From the records below, please repeat exactly the line that has "Some of the text", the line that has "this 1280×1280 image.", and every line between them, and nothing else.

*** DATA EXTRACTS Section Begins ***

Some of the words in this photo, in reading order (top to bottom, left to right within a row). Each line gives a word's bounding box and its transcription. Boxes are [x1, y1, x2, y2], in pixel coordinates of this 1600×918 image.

*** DATA EXTRACTS Section Ends ***
*** DATA EXTRACTS Section Begins ***

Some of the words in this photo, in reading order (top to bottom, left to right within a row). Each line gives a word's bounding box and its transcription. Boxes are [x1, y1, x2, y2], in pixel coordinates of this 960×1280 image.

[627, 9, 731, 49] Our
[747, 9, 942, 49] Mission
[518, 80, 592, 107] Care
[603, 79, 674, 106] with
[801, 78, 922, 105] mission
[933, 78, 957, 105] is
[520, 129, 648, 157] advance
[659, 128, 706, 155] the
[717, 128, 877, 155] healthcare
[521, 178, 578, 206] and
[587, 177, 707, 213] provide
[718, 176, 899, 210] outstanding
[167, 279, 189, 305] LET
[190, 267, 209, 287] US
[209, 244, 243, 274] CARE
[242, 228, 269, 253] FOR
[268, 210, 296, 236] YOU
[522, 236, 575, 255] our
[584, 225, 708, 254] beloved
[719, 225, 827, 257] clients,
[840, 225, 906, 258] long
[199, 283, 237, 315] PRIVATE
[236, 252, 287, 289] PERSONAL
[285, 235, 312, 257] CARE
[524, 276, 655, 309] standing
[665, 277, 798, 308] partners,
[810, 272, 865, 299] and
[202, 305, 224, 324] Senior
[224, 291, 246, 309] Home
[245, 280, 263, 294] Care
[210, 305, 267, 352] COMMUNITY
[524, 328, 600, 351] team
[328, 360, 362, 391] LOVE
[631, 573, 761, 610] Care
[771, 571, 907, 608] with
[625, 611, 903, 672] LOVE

*** DATA EXTRACTS Section Ends ***
*** DATA EXTRACTS Section Begins ***

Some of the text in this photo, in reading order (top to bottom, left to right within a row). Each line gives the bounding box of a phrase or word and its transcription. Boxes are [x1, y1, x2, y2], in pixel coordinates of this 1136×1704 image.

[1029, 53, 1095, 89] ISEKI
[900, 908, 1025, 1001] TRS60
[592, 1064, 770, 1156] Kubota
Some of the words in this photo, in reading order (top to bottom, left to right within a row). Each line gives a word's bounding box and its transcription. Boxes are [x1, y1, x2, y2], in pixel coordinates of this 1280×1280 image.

*** DATA EXTRACTS Section Ends ***

## EXERCISE OUTPUT
Some of the text in this photo, in reading order (top to bottom, left to right within a row). Each line gives the bounding box of a phrase or word and its transcription. Boxes are [x1, y1, x2, y2], in pixel coordinates of this 1136×1704 image.

[1029, 53, 1095, 89] ISEKI
[900, 908, 1025, 1001] TRS60
[592, 1064, 770, 1156] Kubota
Some of the words in this photo, in reading order (top to bottom, left to right within a row). Each line gives a word's bounding box and its transcription. Boxes are [x1, y1, x2, y2], in pixel coordinates of this 1280×1280 image.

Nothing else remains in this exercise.